But a new study co-authored by Blouin in the scientific journal ‘Nature’ revealed a population of white dwarfs that stopped cooling for more than eight billion years.

Their findings stem from a 2019 discovery that some white dwarfs don’t cool down as expected, which called the “dead star” consensus into question. Going back to the campfire analogy, it would be like leaving the campfire and returning a year later to find the embers are still hot, Blouin said.

“So there are those white dwarfs that stay at the same brightness, same temperature for many billions of years,” he said, adding scientists were puzzled about what was still powering the stars’ luminosity as they had no fuel left to burn.

Typical white dwarfs cool to a point where they form crystals, causing them to become increasingly solid as they freeze from the inside out.

In the group of outlier white dwarfs studied by Blouin and his co-authors, heavier elements were dispelled inside the star as the crystals formed. That caused the crystals to become lighter and float to the white dwarf’s liquid surface – like ice cubes rushing to the top of a glass of water.

“That means you cannot simply freeze the star from the inside out because the crystals formed at the centre don’t stay there, they’re buoyant,” Blouin said.
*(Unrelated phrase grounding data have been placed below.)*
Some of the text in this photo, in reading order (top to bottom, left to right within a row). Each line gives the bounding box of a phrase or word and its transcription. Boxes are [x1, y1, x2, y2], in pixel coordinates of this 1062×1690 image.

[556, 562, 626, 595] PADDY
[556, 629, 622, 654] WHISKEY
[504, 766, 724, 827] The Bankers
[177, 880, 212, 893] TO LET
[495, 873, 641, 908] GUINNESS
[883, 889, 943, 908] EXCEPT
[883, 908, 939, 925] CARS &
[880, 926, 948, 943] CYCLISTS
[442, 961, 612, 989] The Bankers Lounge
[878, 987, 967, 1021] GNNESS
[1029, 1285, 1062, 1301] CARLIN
That movement of crystals rising as liquid rushes down toward the core creates energy that then powers the star and keeps it luminous.
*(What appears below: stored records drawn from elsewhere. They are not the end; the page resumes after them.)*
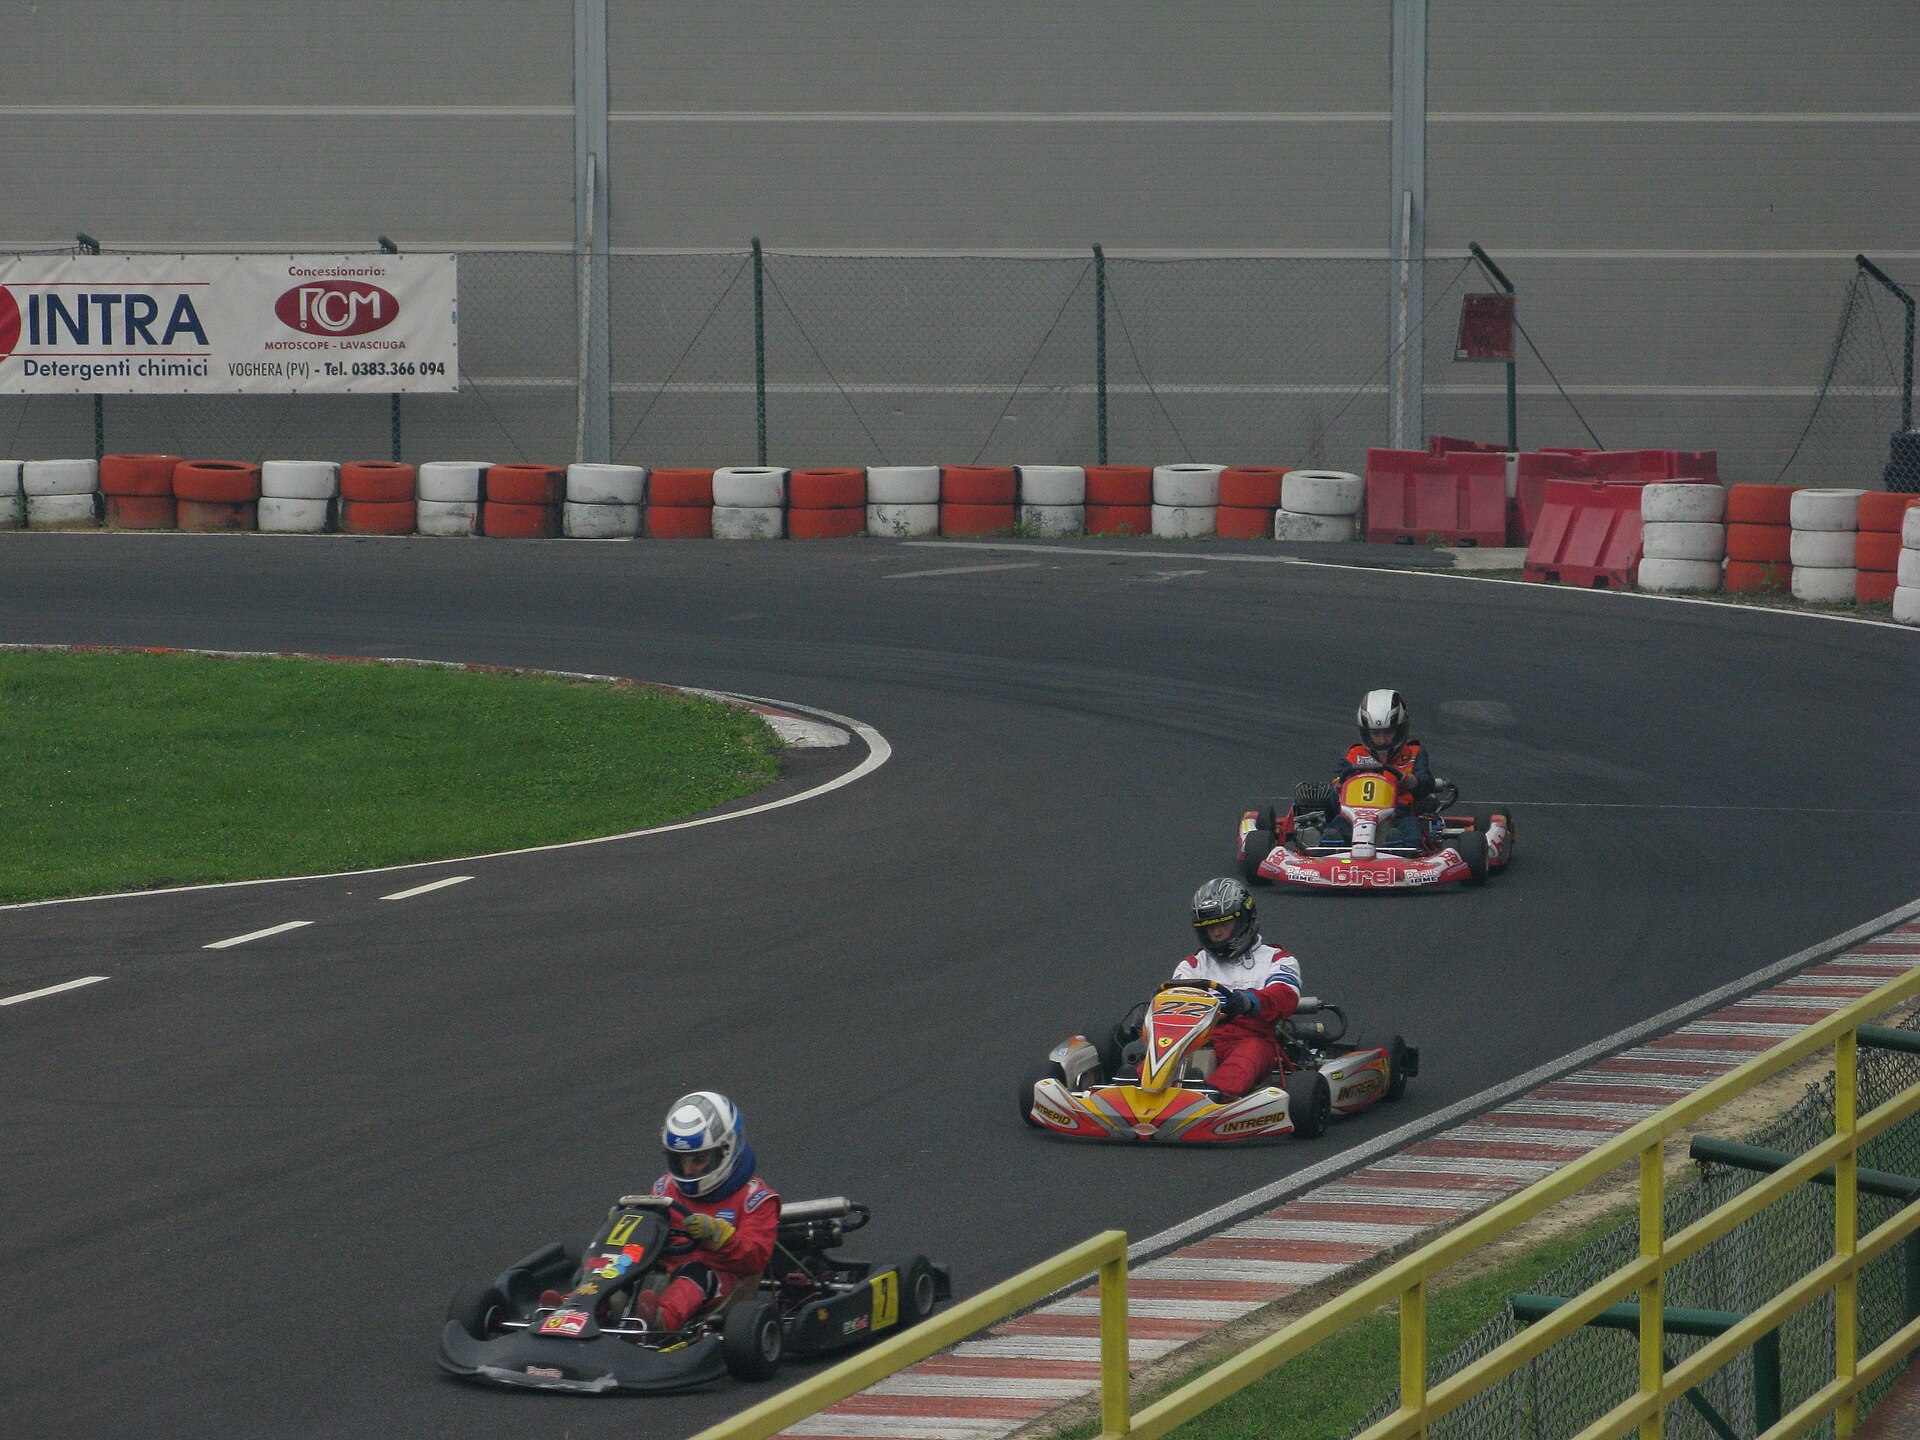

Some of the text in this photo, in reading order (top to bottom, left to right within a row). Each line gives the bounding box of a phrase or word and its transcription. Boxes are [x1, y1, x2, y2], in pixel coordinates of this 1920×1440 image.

[288, 266, 385, 277] Concessionario:
[28, 293, 210, 346] INTRA
[264, 341, 329, 350] MOTOSCOPE
[340, 341, 406, 350] LAVASCIUGA
[24, 358, 208, 381] Detergenti chimici
[228, 363, 283, 377] VOGHERA
[286, 362, 310, 380] (PV)
[324, 362, 348, 376] Tel.
[352, 362, 416, 376] 0383.366
[419, 362, 445, 376] 094
[1363, 781, 1375, 802] 9
[1286, 866, 1320, 877] Parilla
[1331, 866, 1396, 887] birel
[1405, 868, 1440, 880] Parilla
[1153, 1001, 1214, 1017] 22
[1034, 1100, 1072, 1125] INTREPID
[1223, 1111, 1286, 1132] INTREPID
[613, 1215, 636, 1241] 7
Aside from the study challenging the standard definition of white dwarfs being dead, it also has implications for “galactic archaeology.”
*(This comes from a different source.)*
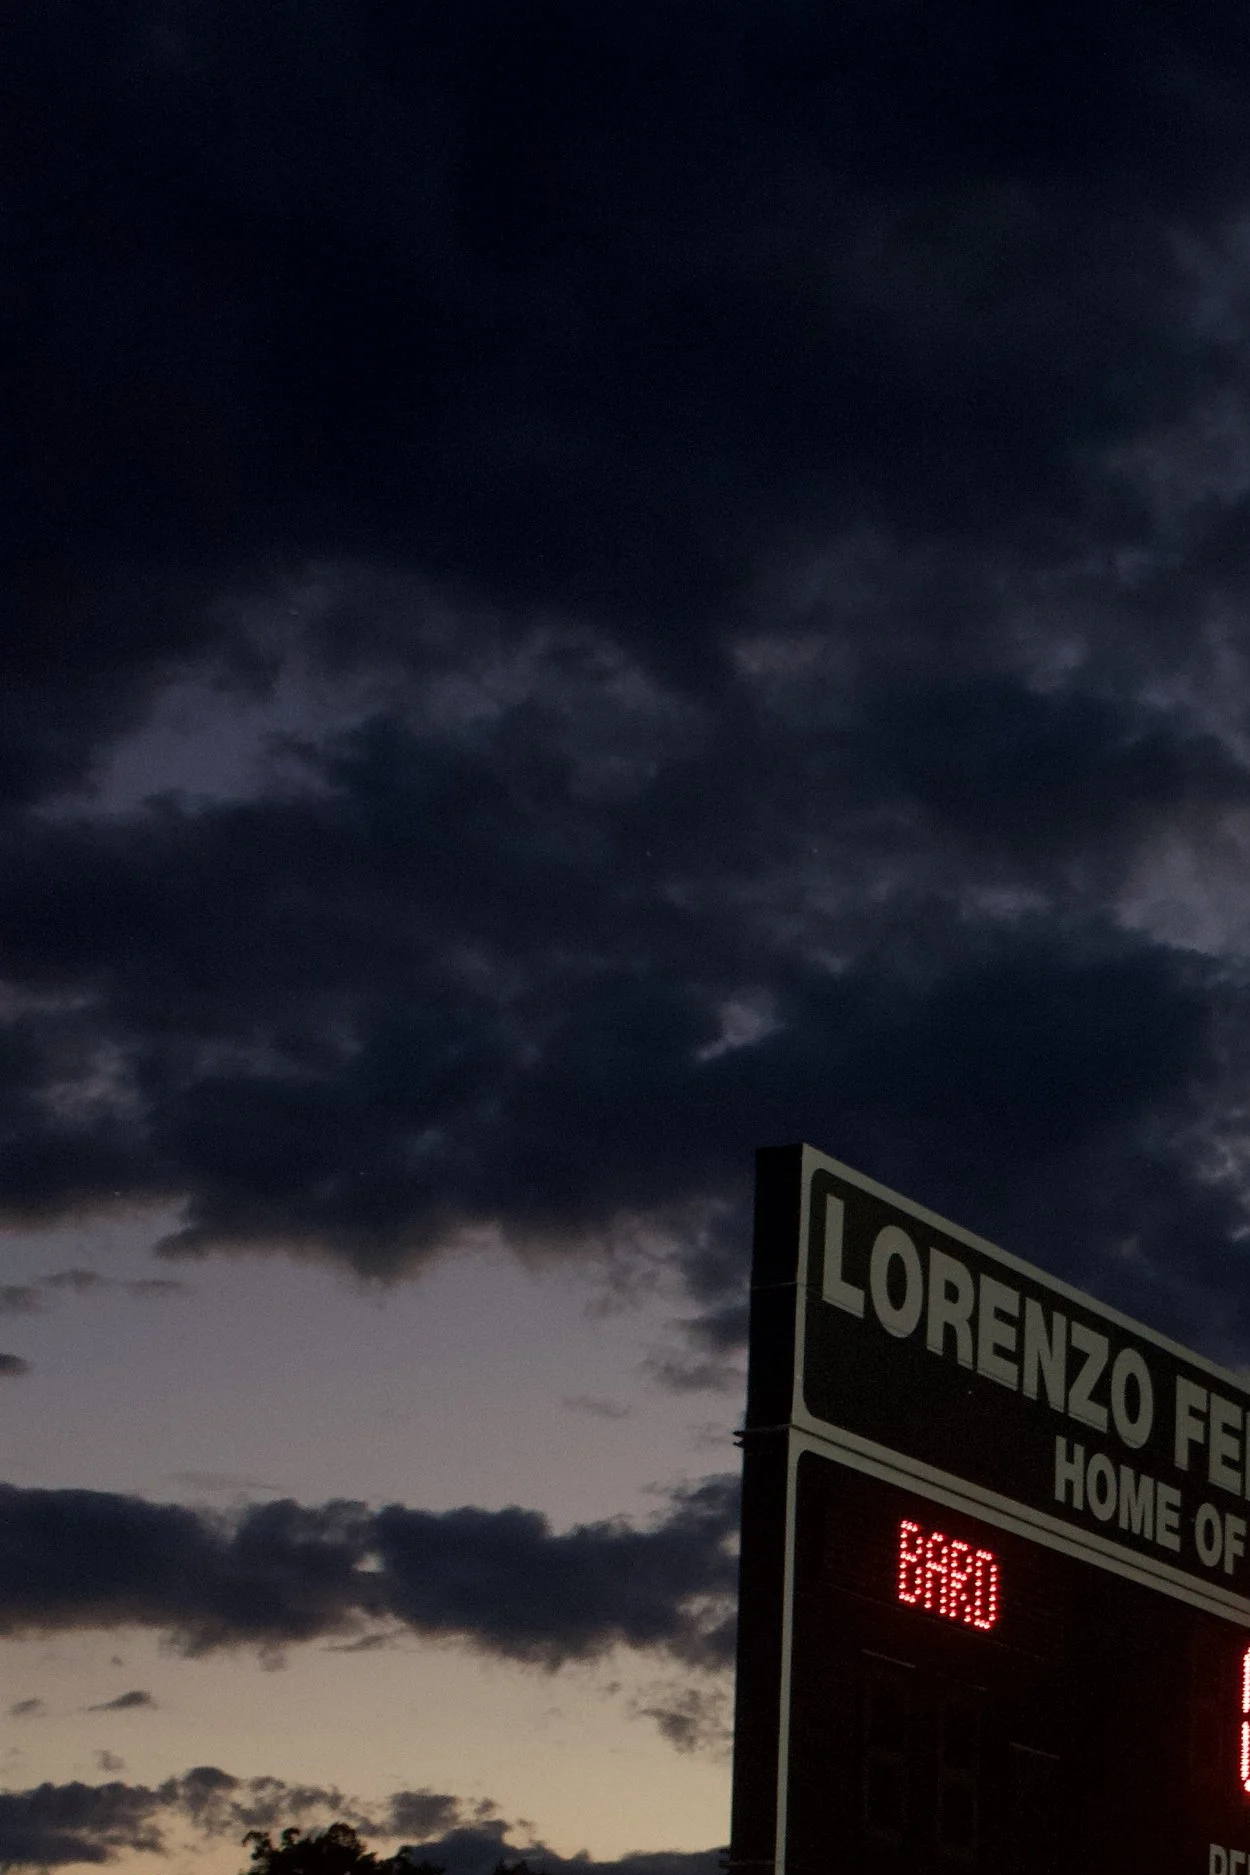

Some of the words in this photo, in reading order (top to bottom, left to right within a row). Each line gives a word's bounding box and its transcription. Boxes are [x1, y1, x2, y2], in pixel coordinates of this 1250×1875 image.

White dwarfs have been helpful age indicators of the Milky Way Galaxy as scientists have been able to say: the cooler the star, the older it is.

Dating groups of stars by measuring the temperatures of white dwarfs has helped astronomers as they ultimately try to reconstruct the galaxy’s formation. The study showing some white dwarfs stay at constant temperatures for billions of years makes it trickier to use them as age indicators. It will also affect some previous findings that likely underestimated the ages of some stars.

While there are still unknowns, the researchers suspect the newly discovered behaviour is spurred by a white dwarf colliding with another star, which causes them to merge into a bigger celestial body.

“You have these thermonuclear reactions going on that can change the composition of the star and we think that’s why those stars are behaving differently,” Blouin said.

Over 97 per cent of the Milky Way will eventually become white dwarfs, but it’s still an open question whether the collision of two white dwarfs could lead to the cooling-pause phenomenon.

The researchers were able to detect the outliers thanks to the European Space Agency’s Gaia satellite, which multiplied the number of known white dwarfs by a factor of ten and therefore gave scientists much more data.

Identifying white dwarfs that were defying the scientific consensus was thanks to a temperature “traffic jam” as Blouin puts it. By looking at stars on a scale of hot to cold, the study’s researchers saw a cluster being jammed up in a middle section as they were cooling at a slower rate.

Compared to the eight-billion year cooling pause of the outliers, models show normal white dwarfs also go through around a one-billion year pause. The researchers are now trying to learn more about star ages as they believe the cooling phenomenon they discovered means most white dwarfs could around one billion years older.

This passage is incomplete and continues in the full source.